Print the records exactly and in full, please; the pictures stay out.
--- THE DATA Enclosed Below ---
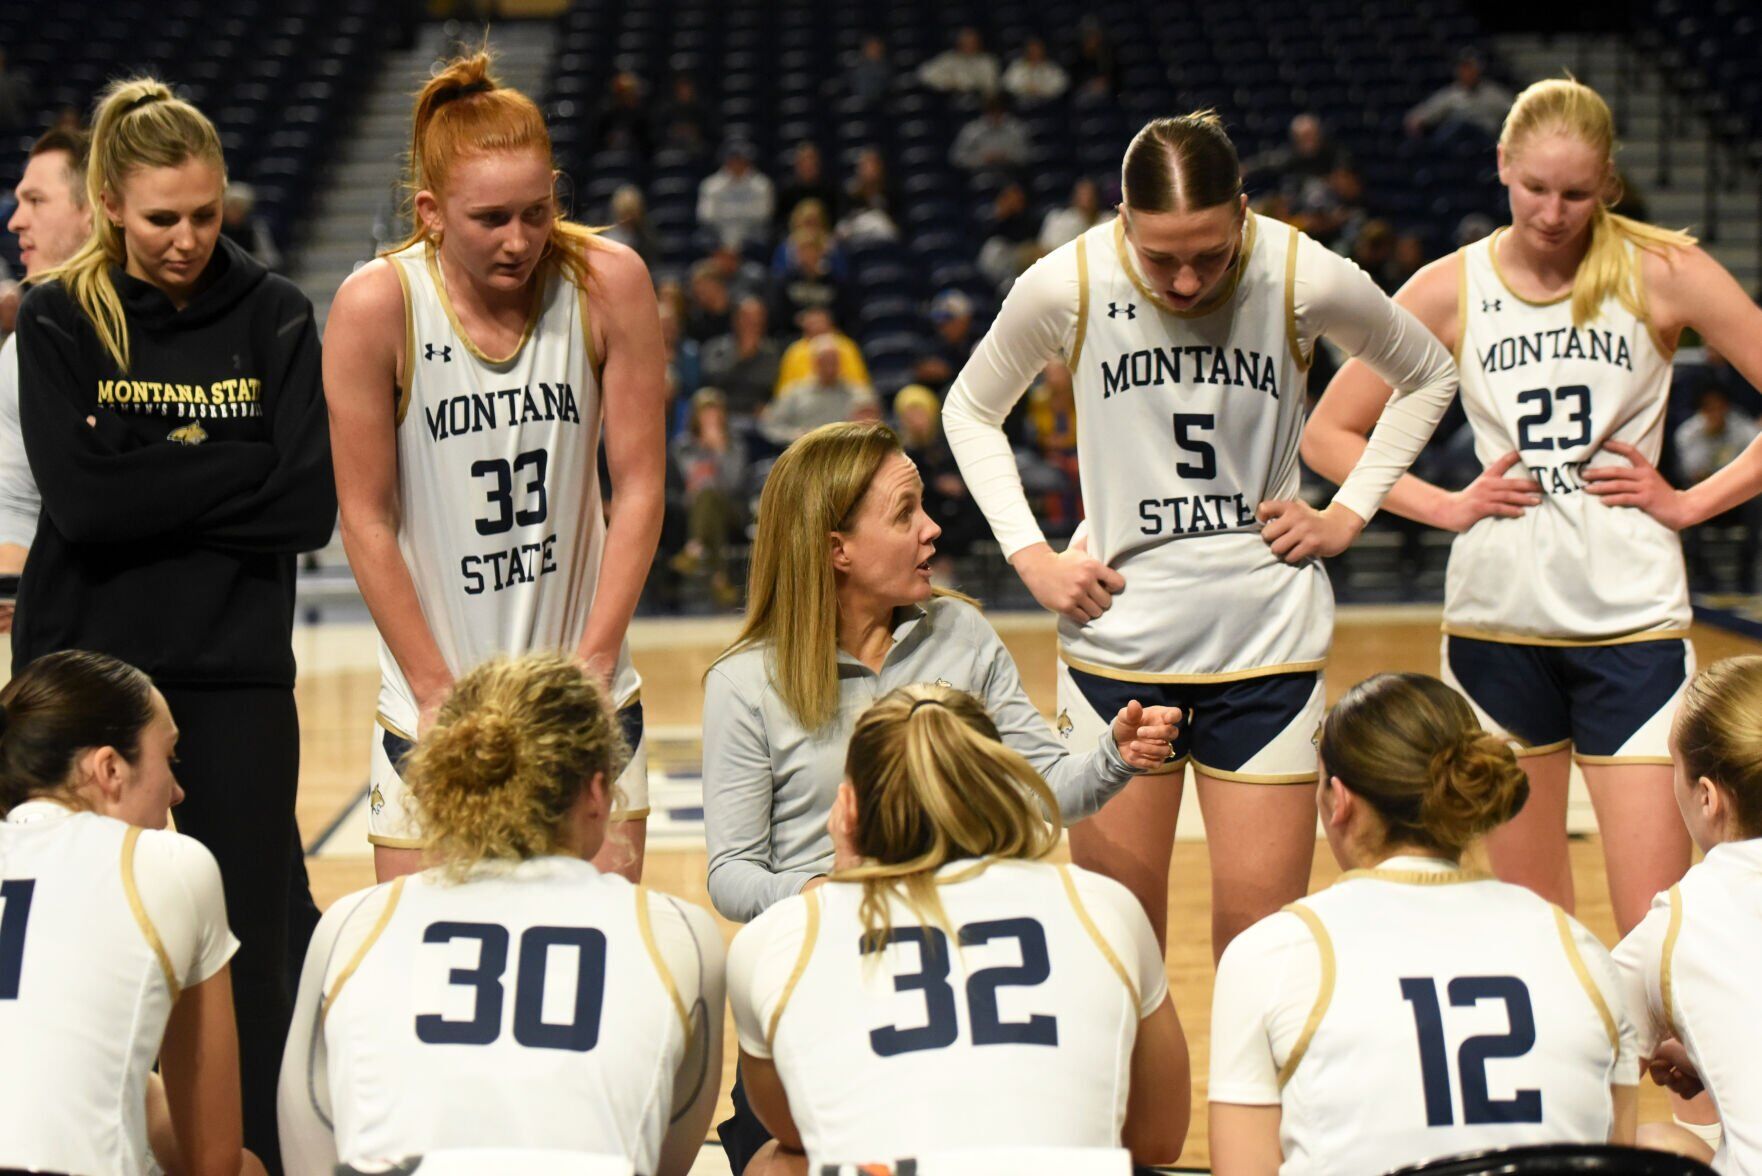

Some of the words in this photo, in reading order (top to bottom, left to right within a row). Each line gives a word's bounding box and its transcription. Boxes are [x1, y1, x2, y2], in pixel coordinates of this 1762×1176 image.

[1101, 345, 1279, 400] MONTANA
[1476, 326, 1633, 372] MONTANA
[98, 380, 209, 404] MONTANA
[425, 382, 580, 442] MONTANA
[1517, 384, 1592, 450] 23
[1173, 413, 1217, 480] 5
[471, 448, 548, 536] 33
[1139, 492, 1257, 535] STATE
[461, 534, 557, 595] STATE
[415, 920, 607, 1053] 30
[859, 917, 1058, 1057] 32
[1398, 975, 1543, 1127] 12
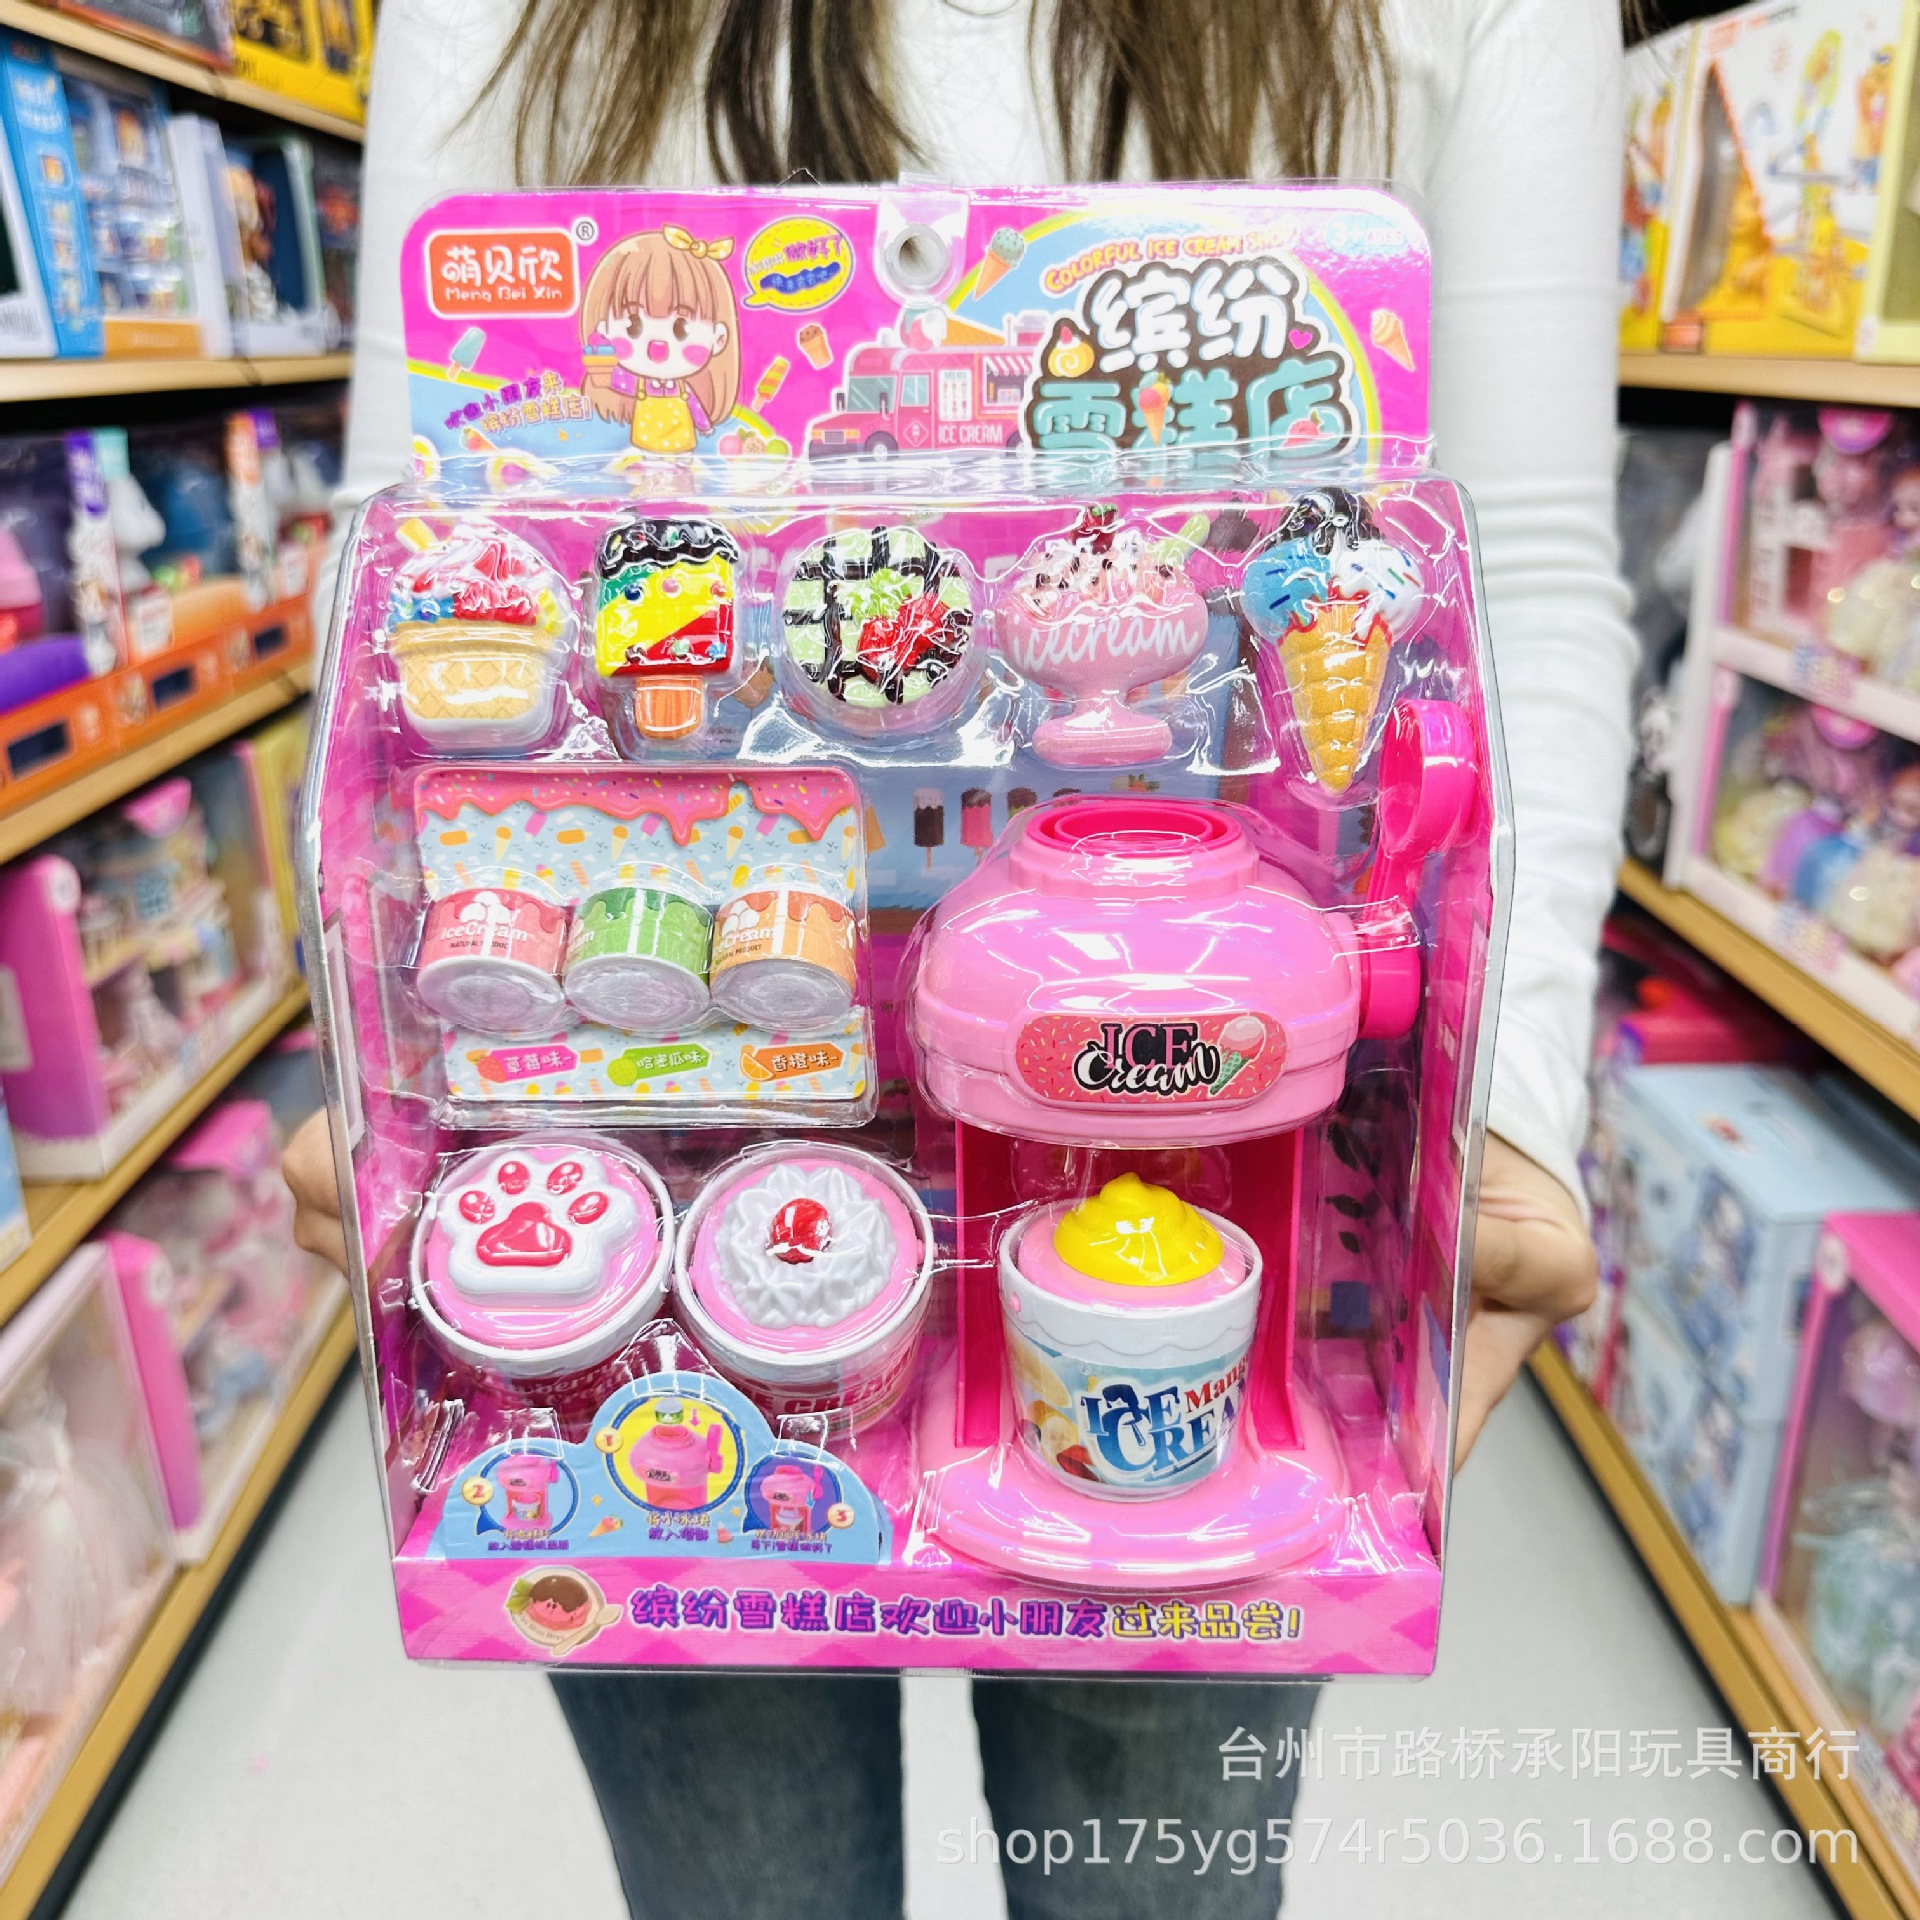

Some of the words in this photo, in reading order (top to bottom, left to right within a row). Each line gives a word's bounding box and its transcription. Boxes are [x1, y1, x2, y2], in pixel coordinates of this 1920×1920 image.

[441, 245, 563, 287] 萌贝欣
[1045, 241, 1142, 293] COLORFUL
[1148, 240, 1180, 259] ICE
[1184, 236, 1244, 257] CREAM
[446, 287, 491, 302] Meng
[498, 286, 527, 300] Bei
[533, 286, 563, 300] Xin
[1092, 264, 1291, 372] 缤纷
[939, 425, 957, 444] ICE
[959, 424, 1003, 444] CREAM
[1033, 358, 1345, 470] 雪糕店
[1013, 614, 1199, 671] icecream
[440, 921, 528, 943] IceCram
[1076, 1045, 1218, 1089] Cream
[1100, 1023, 1198, 1071] ICE
[604, 1434, 614, 1447] 1
[472, 1484, 486, 1499] 2
[836, 1509, 848, 1522] 3
[630, 1584, 1299, 1640] 缤纷雪糕店欢迎小朋友过来品尝!
--- End of Enclosed THE DATA ---
* **TASK SOLUTION**
Some of the words in this photo, in reading order (top to bottom, left to right within a row). Each line gives a word's bounding box and its transcription. Boxes are [x1, y1, x2, y2], in pixel coordinates of this 1762×1176 image.

[1101, 345, 1279, 400] MONTANA
[1476, 326, 1633, 372] MONTANA
[98, 380, 209, 404] MONTANA
[425, 382, 580, 442] MONTANA
[1517, 384, 1592, 450] 23
[1173, 413, 1217, 480] 5
[471, 448, 548, 536] 33
[1139, 492, 1257, 535] STATE
[461, 534, 557, 595] STATE
[415, 920, 607, 1053] 30
[859, 917, 1058, 1057] 32
[1398, 975, 1543, 1127] 12

Some of the words in this photo, in reading order (top to bottom, left to right within a row). Each line gives a word's bounding box and its transcription. Boxes are [x1, y1, x2, y2], in pixel coordinates of this 1920×1920 image.

[441, 245, 563, 287] 萌贝欣
[1045, 241, 1142, 293] COLORFUL
[1148, 240, 1180, 259] ICE
[1184, 236, 1244, 257] CREAM
[446, 287, 491, 302] Meng
[498, 286, 527, 300] Bei
[533, 286, 563, 300] Xin
[1092, 264, 1291, 372] 缤纷
[939, 425, 957, 444] ICE
[959, 424, 1003, 444] CREAM
[1033, 358, 1345, 470] 雪糕店
[1013, 614, 1199, 671] icecream
[440, 921, 528, 943] IceCram
[1076, 1045, 1218, 1089] Cream
[1100, 1023, 1198, 1071] ICE
[604, 1434, 614, 1447] 1
[472, 1484, 486, 1499] 2
[836, 1509, 848, 1522] 3
[630, 1584, 1299, 1640] 缤纷雪糕店欢迎小朋友过来品尝!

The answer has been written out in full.